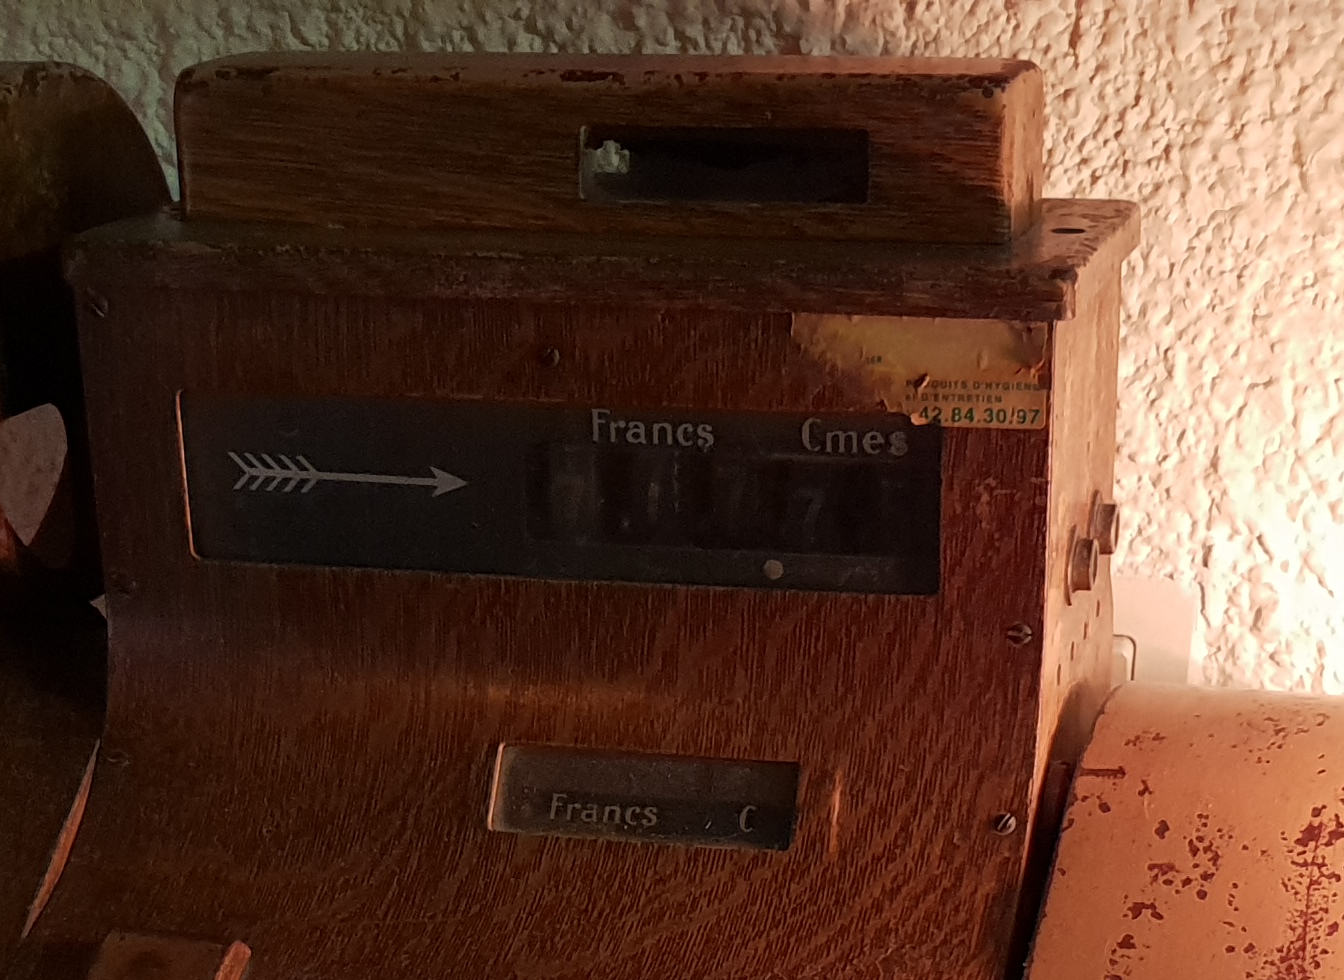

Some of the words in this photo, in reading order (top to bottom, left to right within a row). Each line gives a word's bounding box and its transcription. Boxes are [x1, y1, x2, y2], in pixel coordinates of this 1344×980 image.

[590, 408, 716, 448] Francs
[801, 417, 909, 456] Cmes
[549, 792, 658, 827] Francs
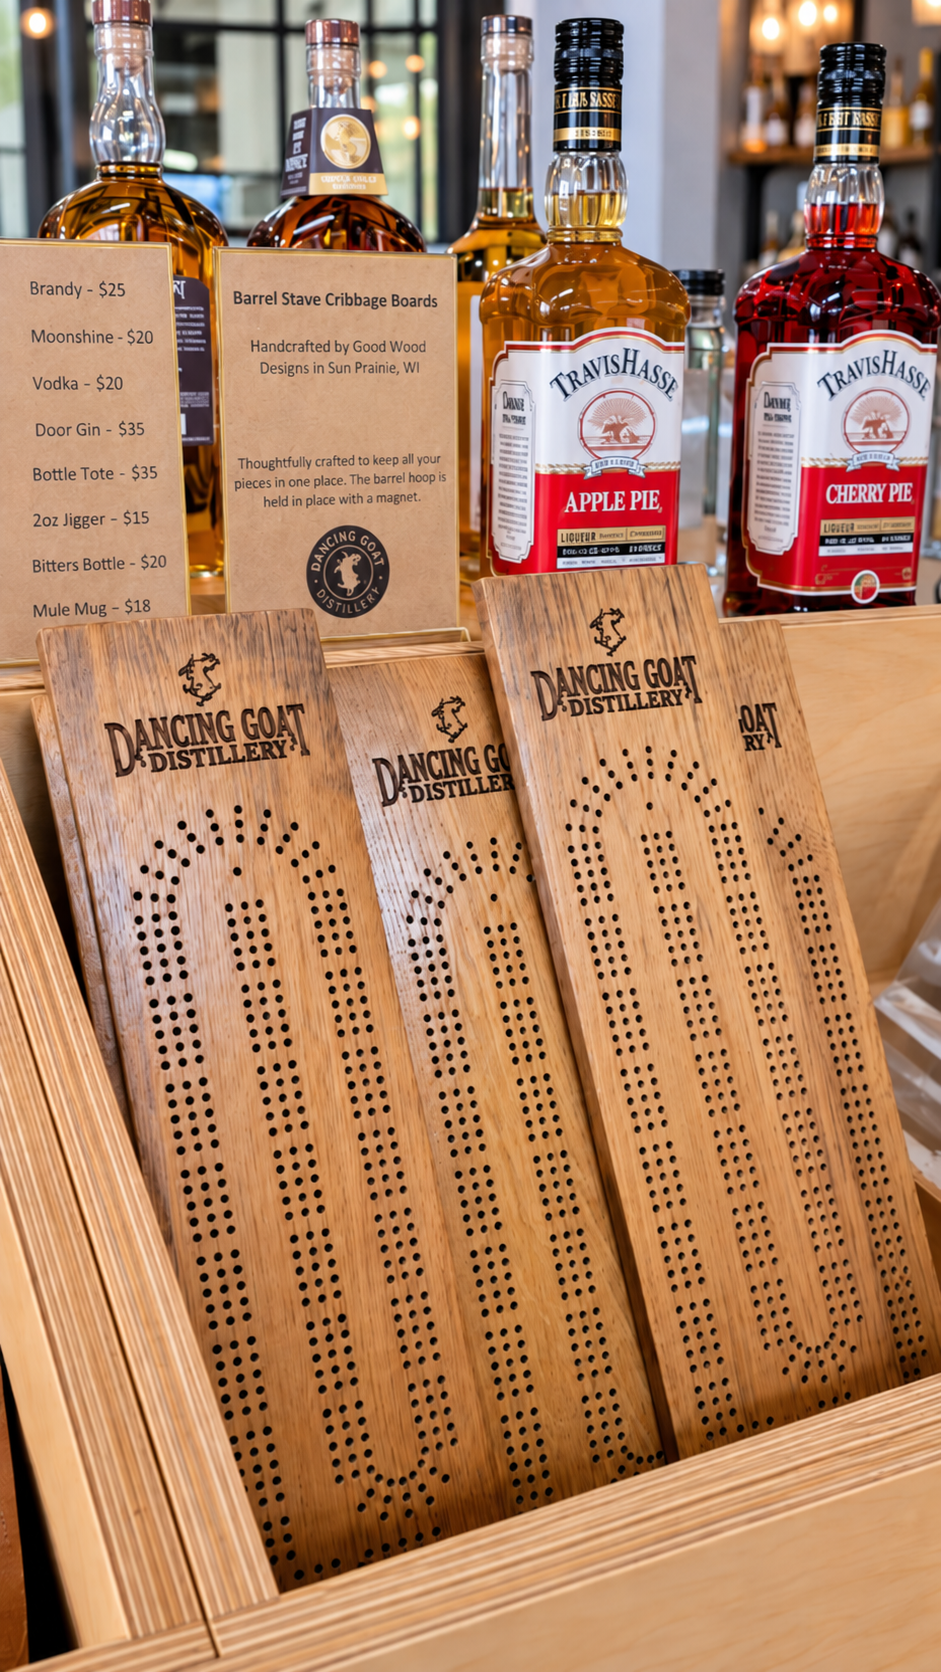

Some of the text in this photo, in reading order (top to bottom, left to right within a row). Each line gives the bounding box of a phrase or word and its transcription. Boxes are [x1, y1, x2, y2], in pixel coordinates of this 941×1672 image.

□ □ □ □

**The problem:** Would you copy all the material exactly, dropping the pictures?

**Task answer:**
Some of the words in this photo, in reading order (top to bottom, left to right within a row). Each line gives a word's bounding box and its transcription. Boxes are [x1, y1, x2, y2], in pixel coordinates of this 1344×980 image.

[590, 408, 716, 448] Francs
[801, 417, 909, 456] Cmes
[549, 792, 658, 827] Francs

Some of the text in this photo, in reading order (top to bottom, left to right within a row). Each line gives the bounding box of a phrase or word and its transcription. Boxes are [x1, y1, x2, y2], in pixel coordinates of this 941×1672 image.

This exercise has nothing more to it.